Entre a ainda abundante matéria-prima disponível na região e a diversidade cultural existente no mesmo espaço urbano, a feira da Boa Esperança atualiza os modos como a culinária típica cuiabana se representa econômica e simbolicamente entre as demais culturas populares que povoam e subjetivam a cidade que se transforma em metrópole. Em meio a tantas migrações populacionais que atravessaram o país e aportaram em Cuiabá, a diversidade culinária na cidade revela também as relações existentes entre as experiências culturais e as condições subalternas das culturas populares, onde quer que sejam produzidas e seja lá quais forem suas origens étnicas e geográficas.
Cultura em processo e reinvenção do trabalho
Na perspectiva folkcomunicacional (BELTRÃO, 2001), ou seja, considerando a dimensão comunicacional nos modos como o folclore se representa ou é representado na dinâmica da vida moderna, o atravessamento de distintas culturas populares na feira da Boa Esperança sugere a constituição de um ambiente multiétnico e multicultural, marcado pela experiência de tolerância no trato com a diferença.
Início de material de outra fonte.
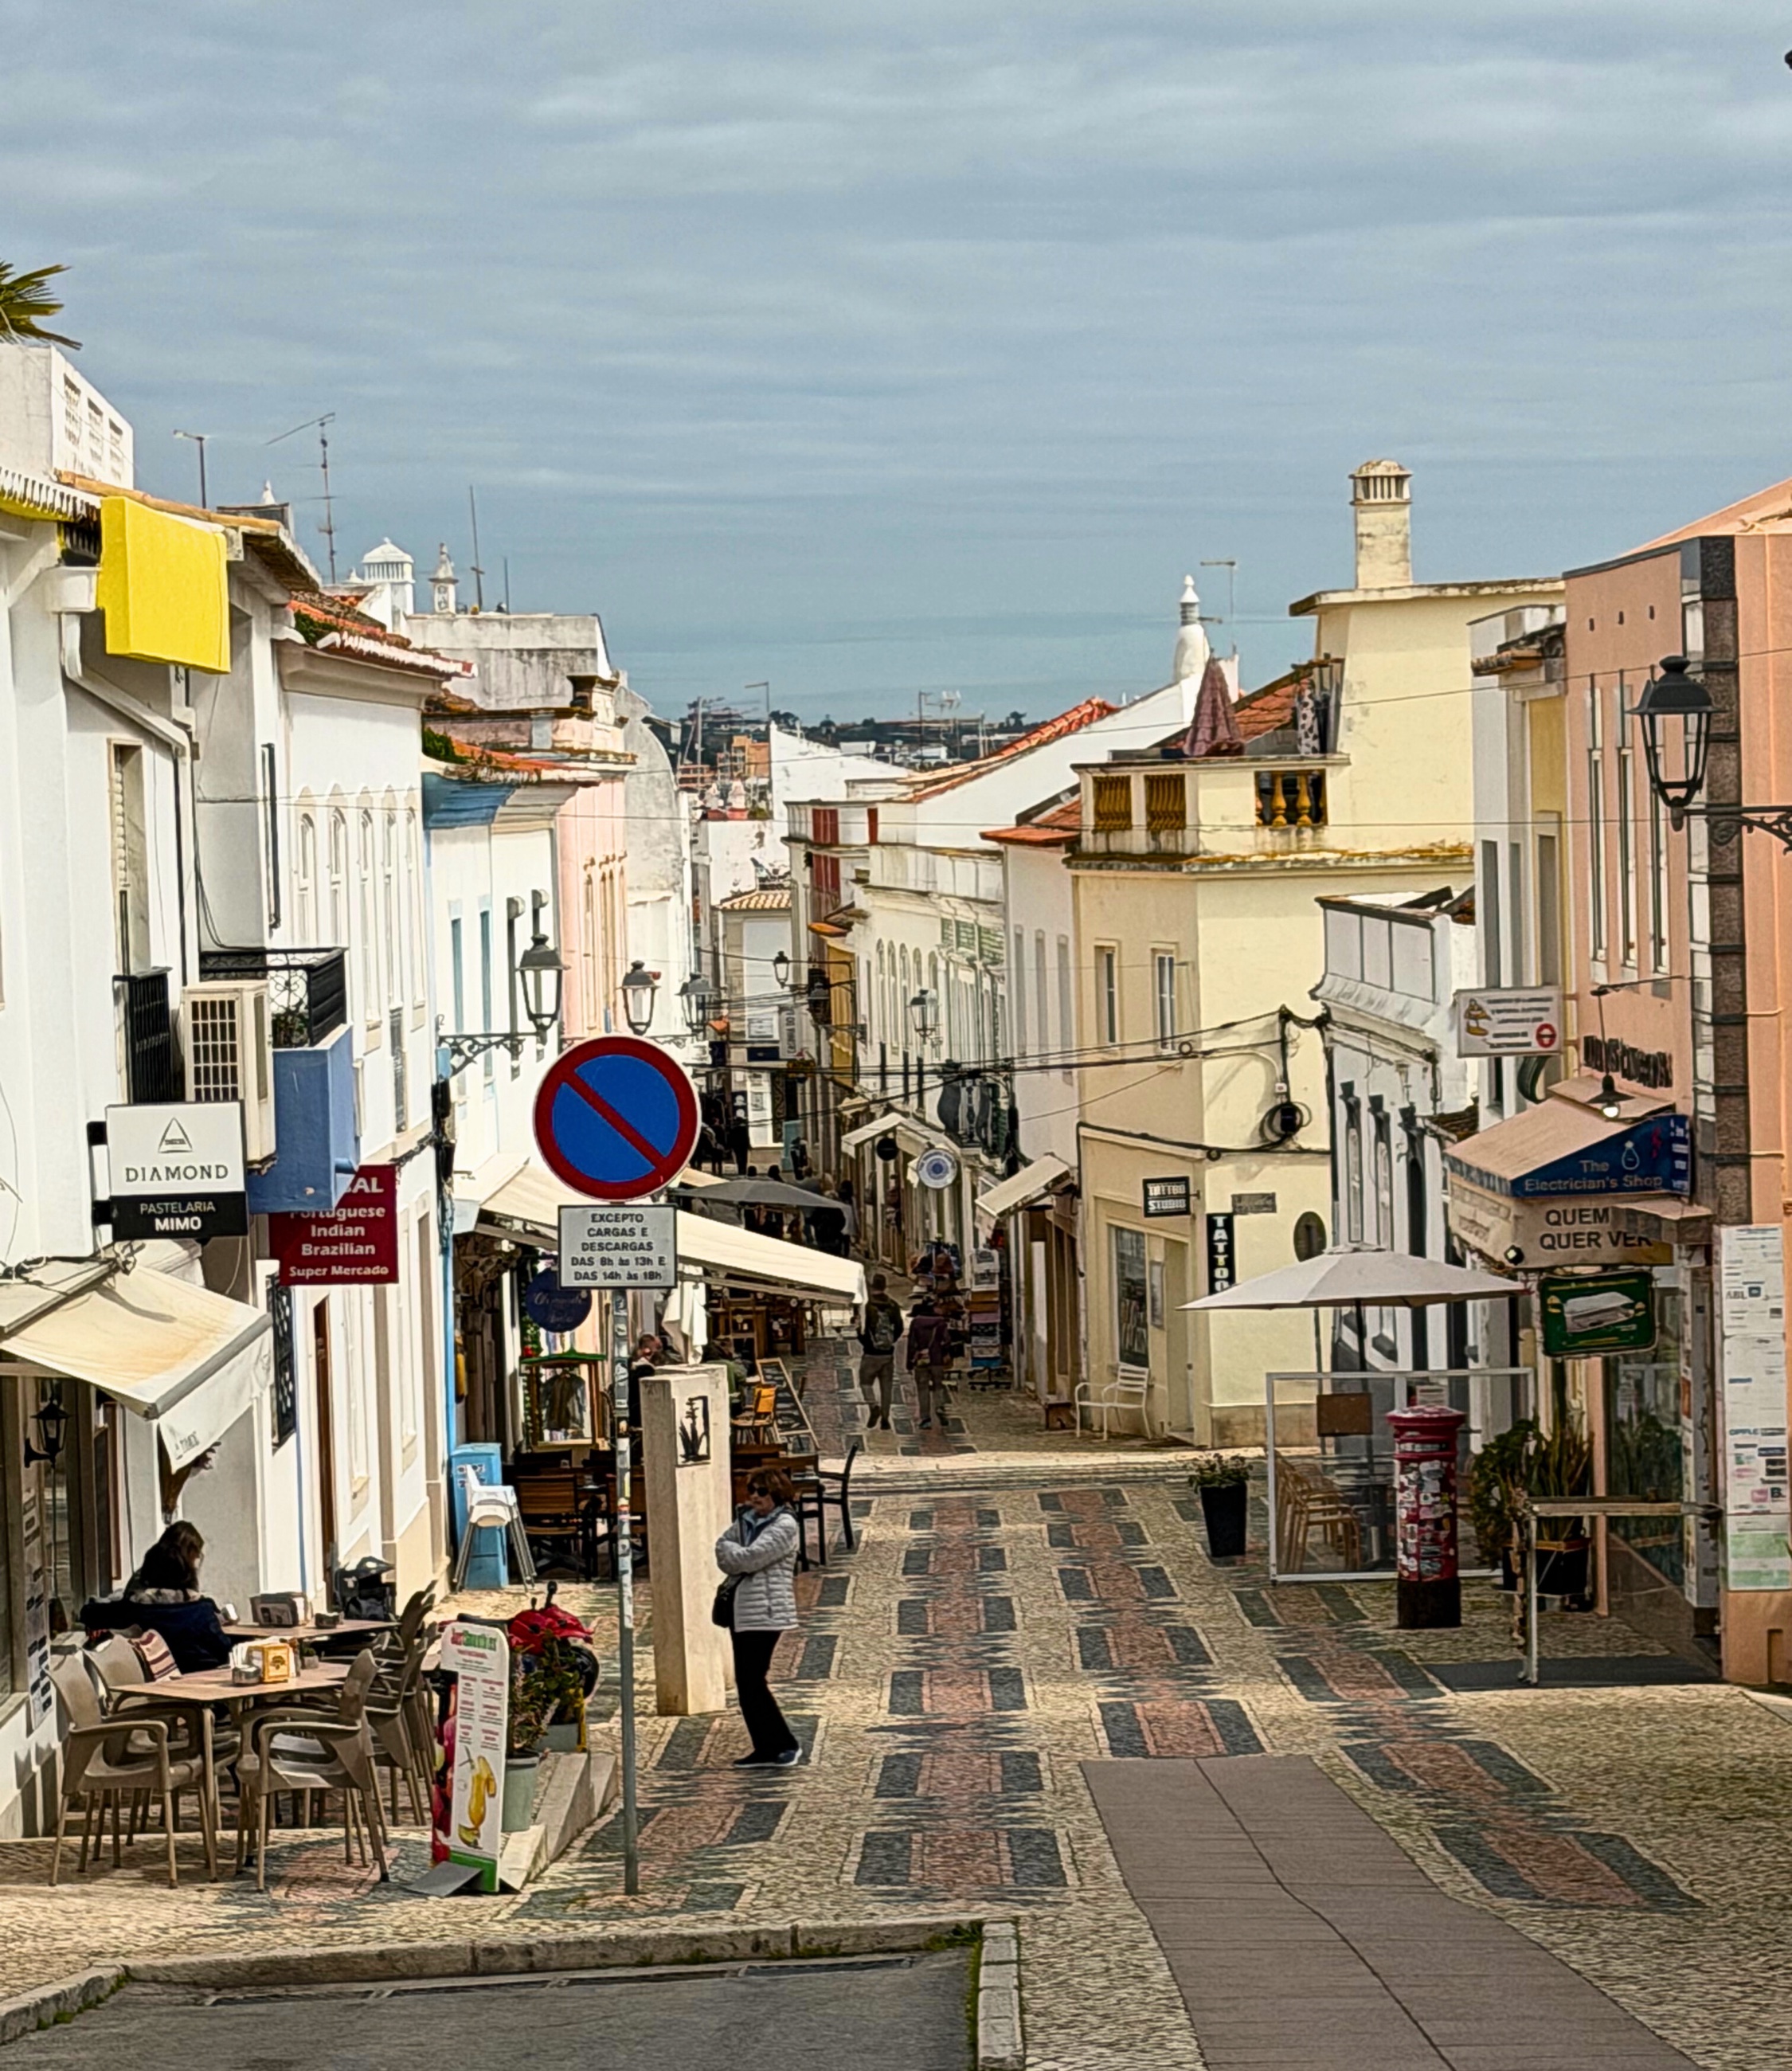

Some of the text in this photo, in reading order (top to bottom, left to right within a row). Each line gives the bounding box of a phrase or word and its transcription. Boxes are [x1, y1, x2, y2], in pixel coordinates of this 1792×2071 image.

Os movimentos constituintes de uma cultura cosmopolita, até mesmo pela grande plasticidade cultural, são ecléticos e ambivalentes, o que inclui o campo do consumo como condição para emergência de um cosmopolitismo banal no mais ordinário cotidiano. (BECK, 2005)
A identidade cultural, ao fornecer saberes culinários de origens étnicas diversas, torna-se uma ferramenta com que é produzida a vida simultaneamente simbólica e econômica desse segmento de trabalhadores. A feira da Boa Esperança, em sua discreta condição no espaço urbano, emerge como o que os geógrafos chamam de “nova raridade” (DAMIANI; CARLOS, & SEABRA, 1999, p. 64), na medida em que a praça, sendo espaço público, passa a agregar diferenças culturais a partir de uma demanda pela reinvenção do mundo do trabalho coletivo e colaborativo entre os feirantes.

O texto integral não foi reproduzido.